### Records for the exercise
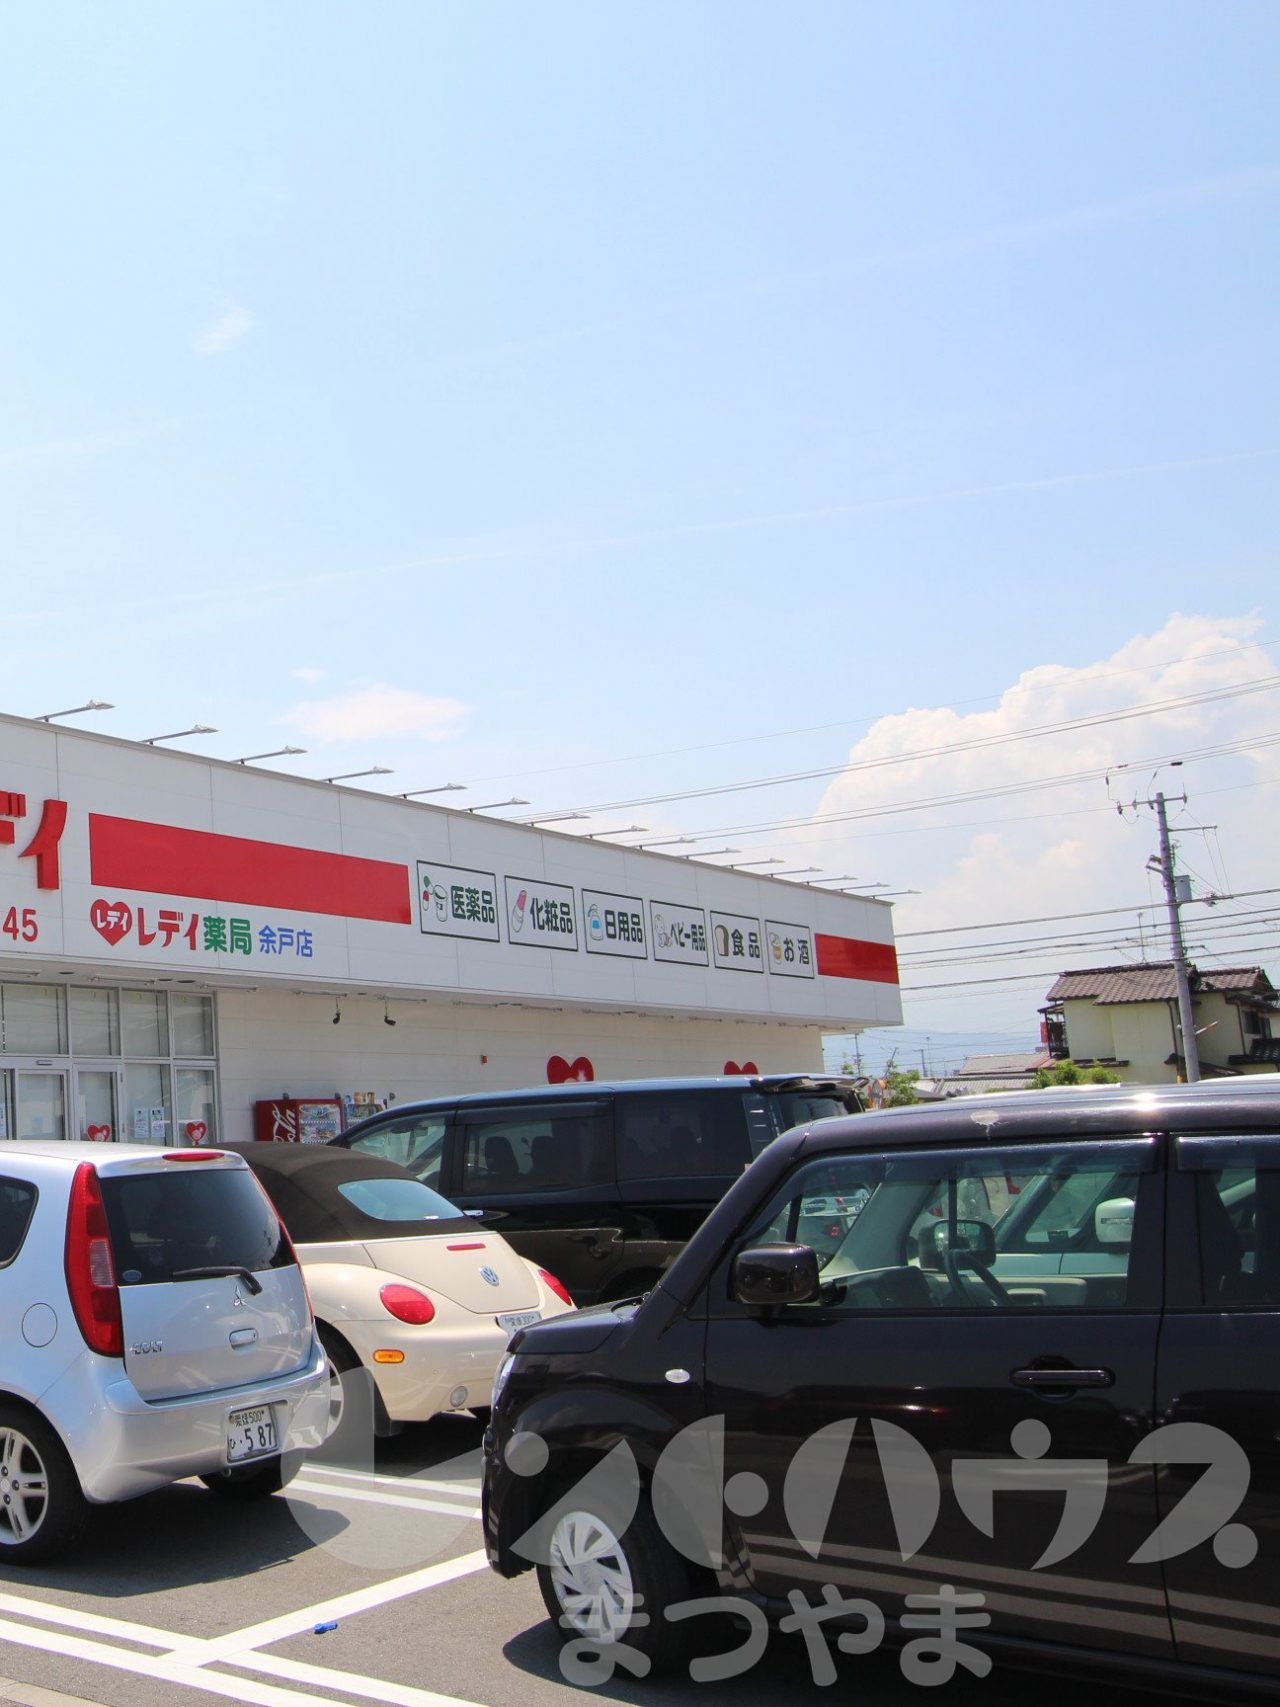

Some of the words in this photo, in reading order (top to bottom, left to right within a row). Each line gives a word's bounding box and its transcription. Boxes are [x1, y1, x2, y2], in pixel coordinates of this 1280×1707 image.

[451, 885, 495, 924] 医薬品
[530, 897, 573, 934] 化粧品
[258, 925, 313, 957] 余戸店
[604, 909, 643, 943] 日用品
[671, 921, 706, 952] ベビー用品
[731, 928, 761, 959] 食品
[783, 937, 810, 965] お酒
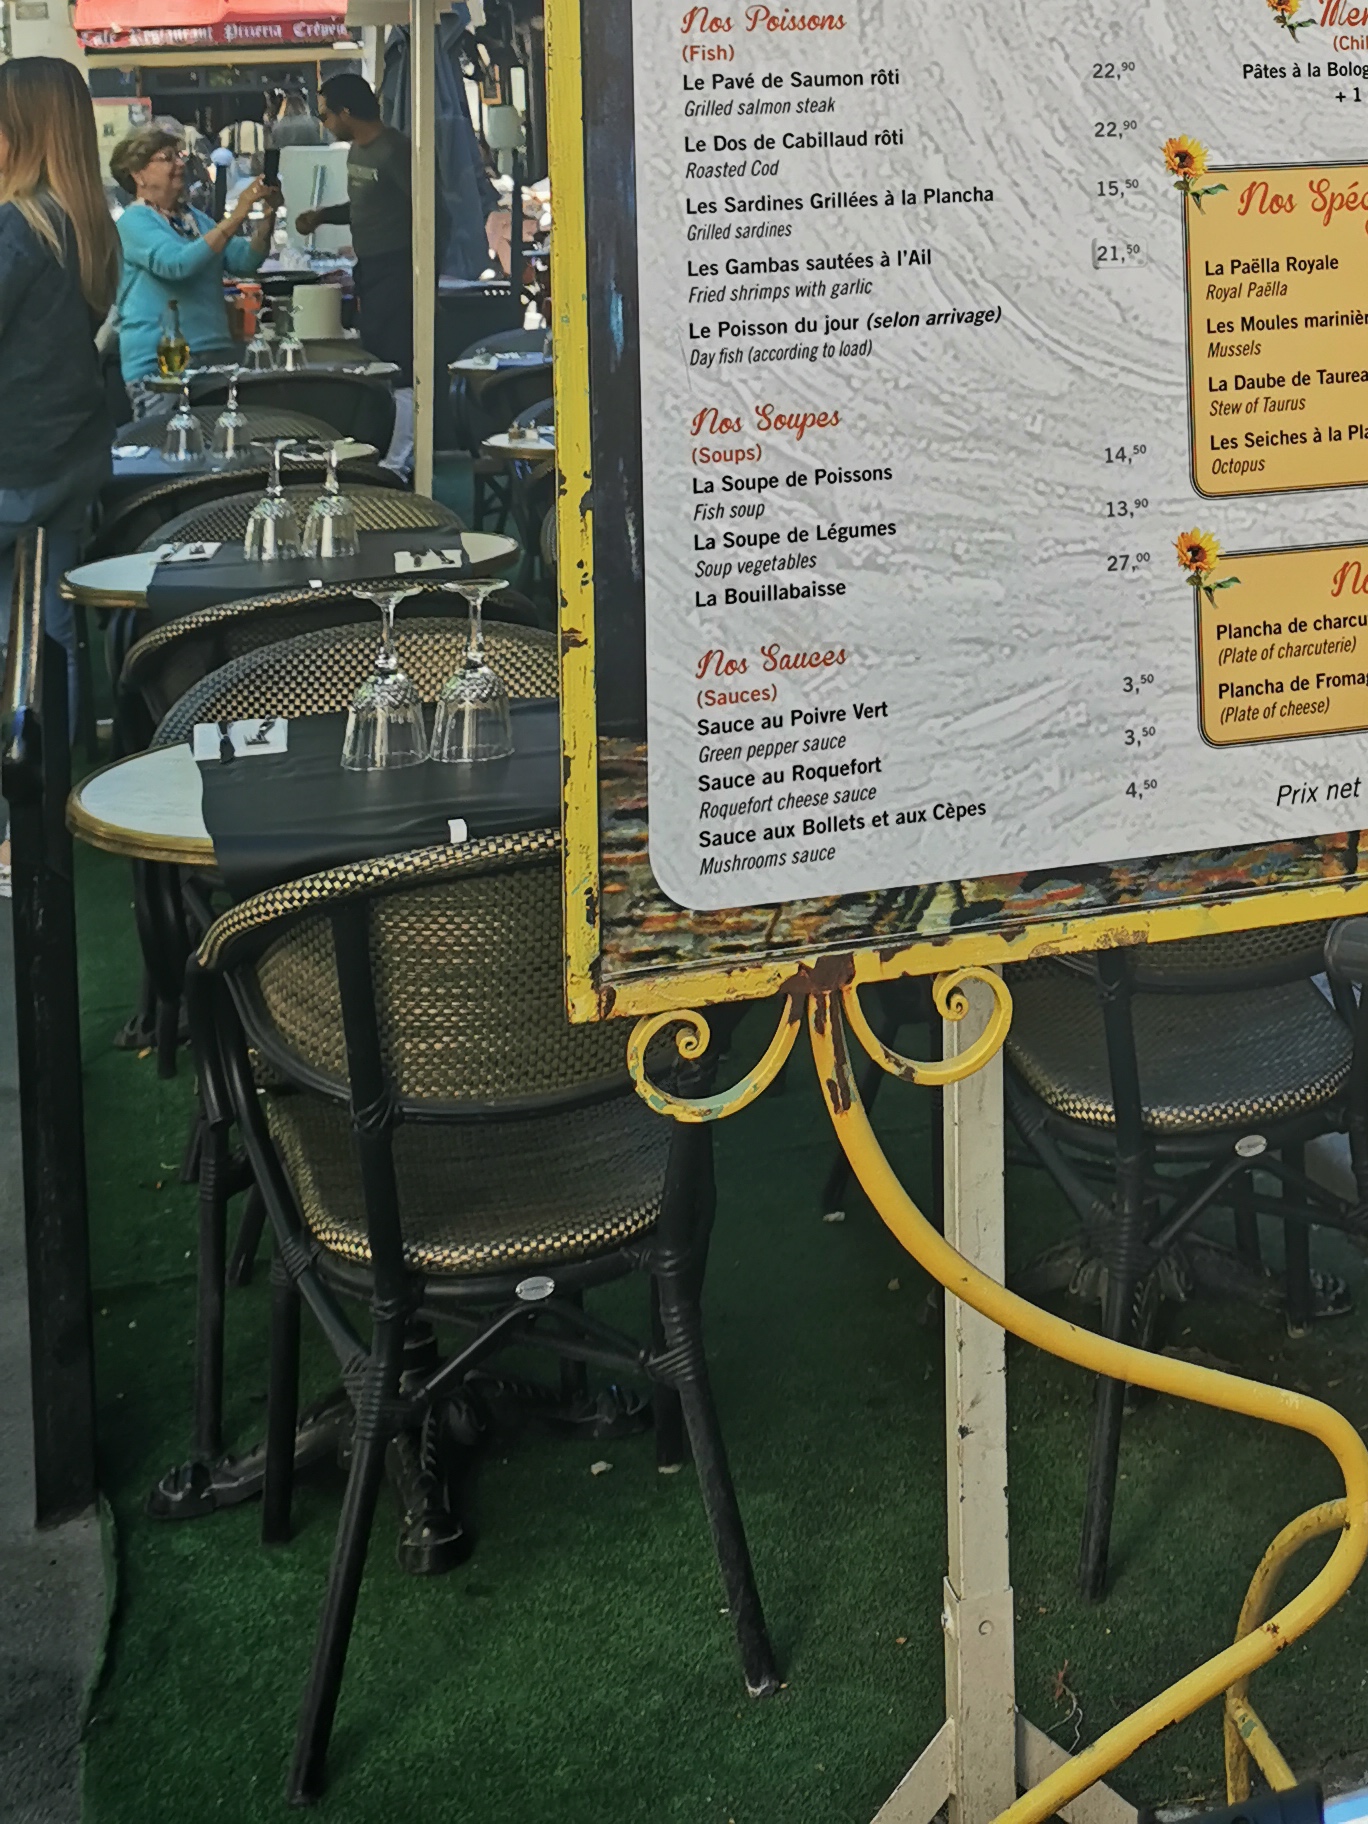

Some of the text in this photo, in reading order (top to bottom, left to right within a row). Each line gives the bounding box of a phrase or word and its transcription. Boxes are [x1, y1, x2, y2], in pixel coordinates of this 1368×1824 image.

### Task details
Restate the data above exactly, stripping out each image.

### Answer to this problem
Some of the words in this photo, in reading order (top to bottom, left to right within a row). Each line gives a word's bounding box and its transcription. Boxes are [x1, y1, x2, y2], in pixel coordinates of this 1280×1707 image.

[451, 885, 495, 924] 医薬品
[530, 897, 573, 934] 化粧品
[258, 925, 313, 957] 余戸店
[604, 909, 643, 943] 日用品
[671, 921, 706, 952] ベビー用品
[731, 928, 761, 959] 食品
[783, 937, 810, 965] お酒

Some of the text in this photo, in reading order (top to bottom, left to right within a row). Each line gives the bounding box of a phrase or word and its transcription. Boxes are [x1, y1, x2, y2], in pixel coordinates of this 1368×1824 image.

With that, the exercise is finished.